Fastreach is a lightweight implementation of isochrone-based reachability for public transportation networks. It's designed to provide quick estimations of reachable area, while prioritizing efficiency over pinpoint accuracy.
Isochrones are valuable tools for visualizing and understanding transportation networks and travel times. They are essentially lines on a map that connect points that can be reached within a specific time frame from a given starting point. Isochrones are particularly useful for assessing the locations that can be reached within a certain duration. Individuals can determine which places (offices, sights, shopping centers, etc.) are reachable from their home within a particular time frame. This helps planning daily activities and commuting.
Additionally, combining multiple isochrones can identify strong and weak nodes of a transportation network. Identifying strong and weak nodes is useful for optimizing transportation networks and improving accessibility.
The API can be started by running:
cargo run --bin fastreach-api --release
in the root directory of the project.
The API expects a graph.bin
file generated with netex-parse binary output in its working directory.

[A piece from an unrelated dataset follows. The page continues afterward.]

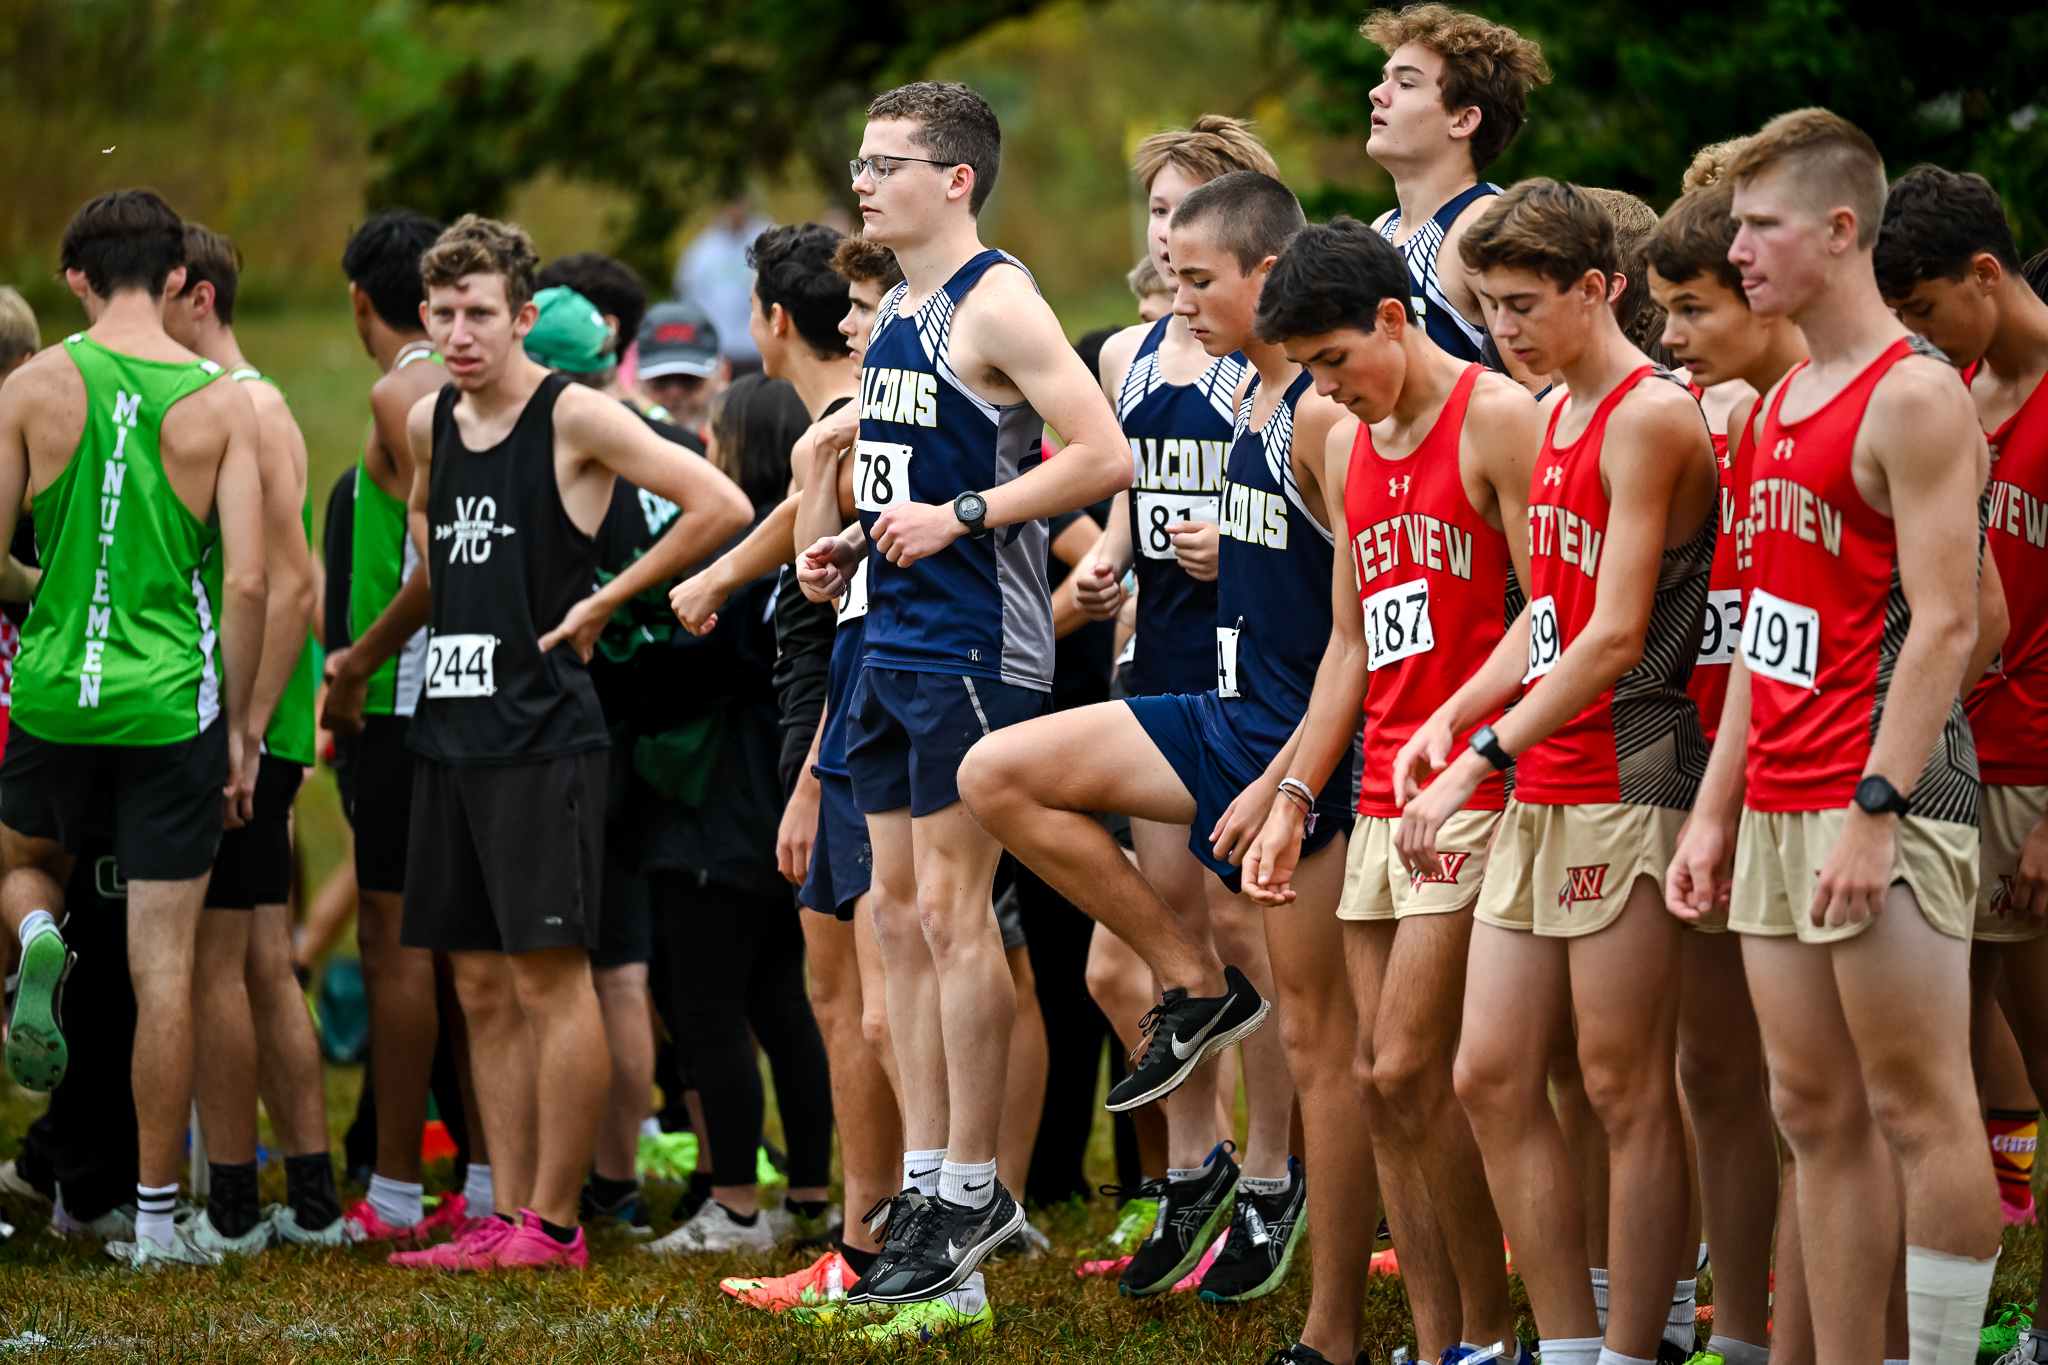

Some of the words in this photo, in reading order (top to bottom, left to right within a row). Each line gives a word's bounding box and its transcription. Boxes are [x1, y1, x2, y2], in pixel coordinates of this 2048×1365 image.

This can be changed by setting the FASTREACH_GRAPH
environment variable to a desired path.
The maximum allowed isochrone duration is set to 120 minutes and can be overwritten by setting the FASTREACH_MAX_MINUTES
environment variable.
The UI can be started by running:
npm install
npm run dev
within the fastreach-ui folder.
The nodes.json
file generated by netex-parse should be placed in the same folder.
Additionally, a docker-compose.yaml
with labels for traefik is available.
Fastreach models the transportation network as a graph. Nodes represent stations, edges vehicles with or without timetables. Given a duration reachable stations are determined with dijsktra's algorithm. For each reached station an approximate circle based on the remaining time and walking speed is created. These are finally merged to retrieve the reachable area. Efficency is achieved by memory-mapping a custom pre-processed binary representation of the transportation network.